The People's Party government erected a monument commemorating the defeat of the rebellion in 1936, which became known as the Constitution Defense Monument. On 27 December 2018, the monument was removed without notice or explanation. Officials denied knowing anything about the removal. The removal marks the second time in two years that a monument in Thailand has been removed in secret and without explanation. In April 2017, a plaque commemorating the 1932 revolution that ended absolute monarchy disappeared from the Royal Plaza and was replaced with one extolling the monarchy.
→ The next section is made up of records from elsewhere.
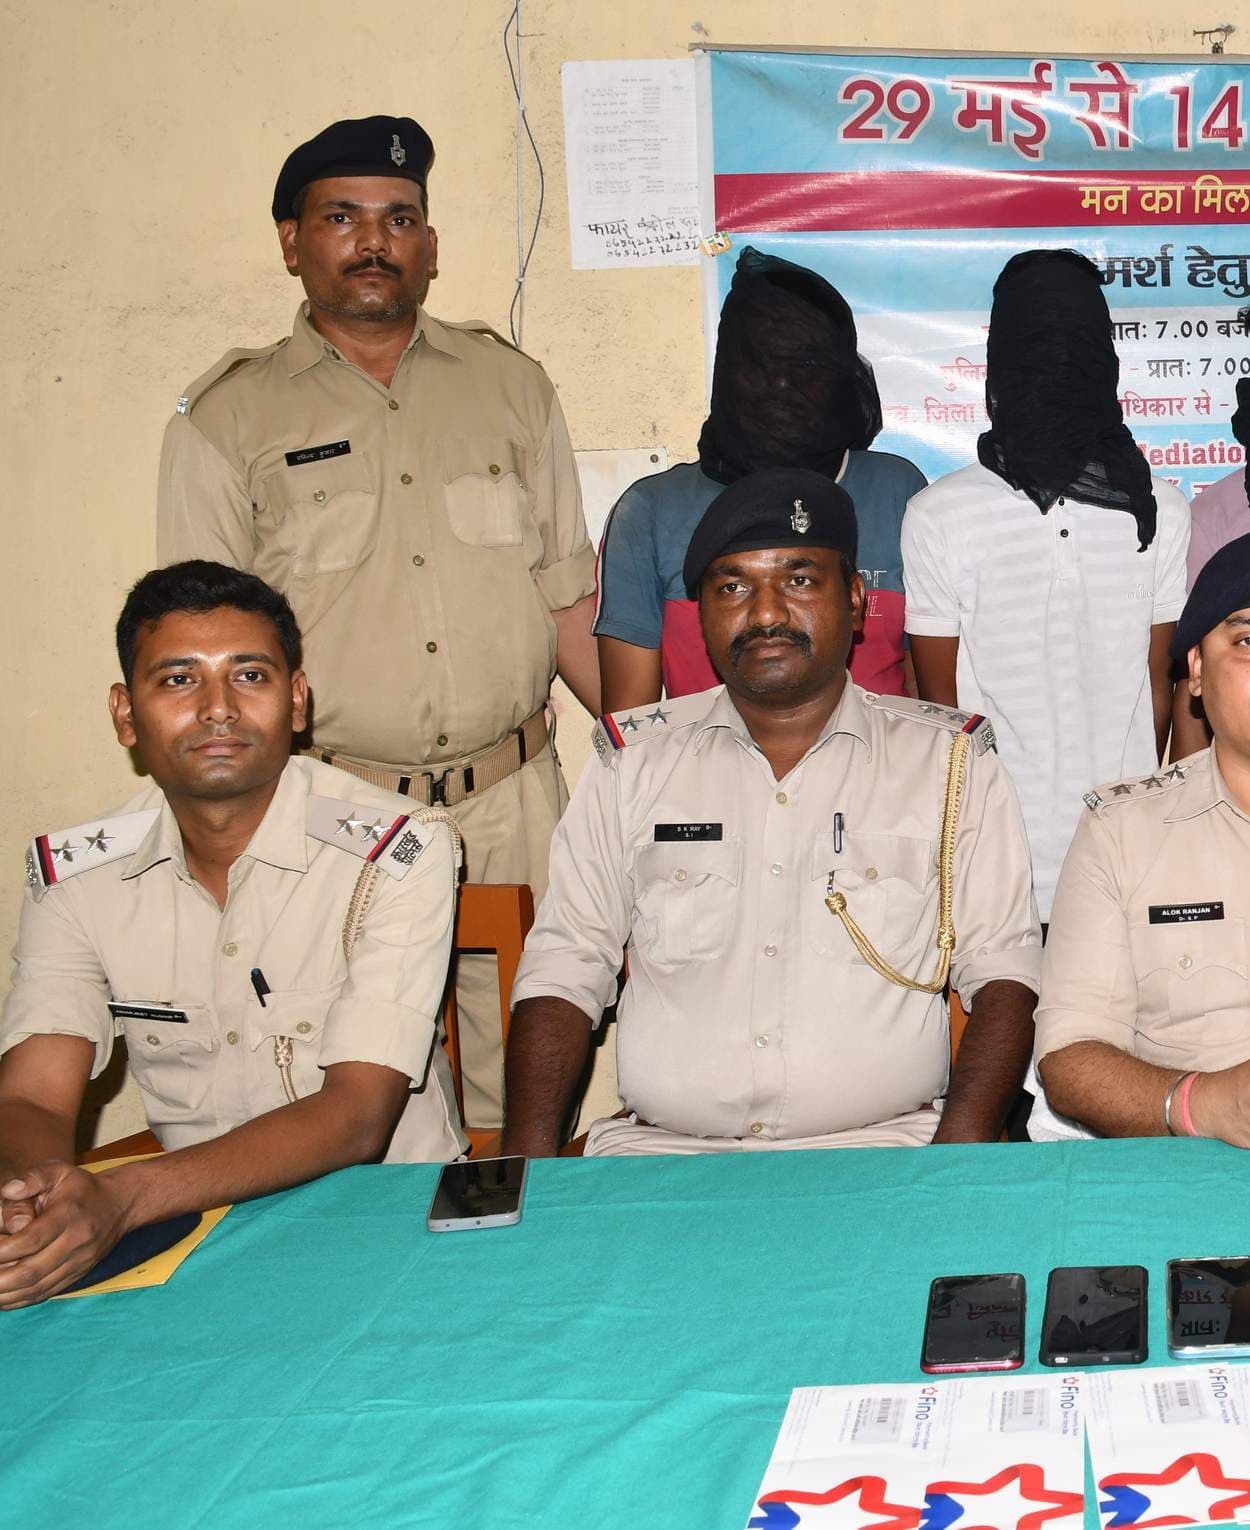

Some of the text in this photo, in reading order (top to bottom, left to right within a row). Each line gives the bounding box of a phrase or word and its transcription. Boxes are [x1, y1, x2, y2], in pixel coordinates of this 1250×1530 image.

[841, 79, 931, 140] 29
[951, 62, 1053, 158] मई
[1070, 62, 1138, 148] से
[1172, 85, 1244, 149] 14
[1080, 184, 1129, 215] मन
[1139, 183, 1183, 214] का
[1095, 243, 1174, 288] मर्श
[1156, 319, 1209, 339] 7.00
[1193, 388, 1212, 416] से
[1138, 441, 1248, 466] ediatio
[1182, 907, 1211, 915] RANJAN
[1059, 1386, 1079, 1410] Fino
[1208, 1374, 1229, 1400] Fino
[915, 1395, 937, 1421] Fino
On 24 June 2020, the 88th anniversary of the Revolution, saw commemorations of the event throughout Bangkok. The Royal Thai Army observed the date by hosting a Buddhist ceremony at the army's information centre and army headquarters praising the Boworadet rebellion. The army's statement included this: "The heroic deeds and sacrifice of Prince Boworadet and Phraya Si Sitthisongkhram deserved to be recognized as protectors of the monarchy institution and an attempt to ensure that Thailand has a truly democratic system." The army's view was that the People's Party was not only anti-democratic, but wanted to overthrow the monarch. The army's ceremony came two and half years after the mysterious removal of a monument commemorating the defeat of the Boworadet rebellion in the Lak Si area of Bangkok.

==See also==
- History of Thailand (1932-1973)
- Siamese Revolution of 1932
- Siamese coup d'état of 1933
- Wat Phra Si Mahathat

==Notes==
1. Phraya is a Thai noble rank. Although the revolution of 1932 ended absolute monarchy, noble ranks and titles were only abolished in 1942. Many people on both sides of the rebellion were thus identified by their nobility designations.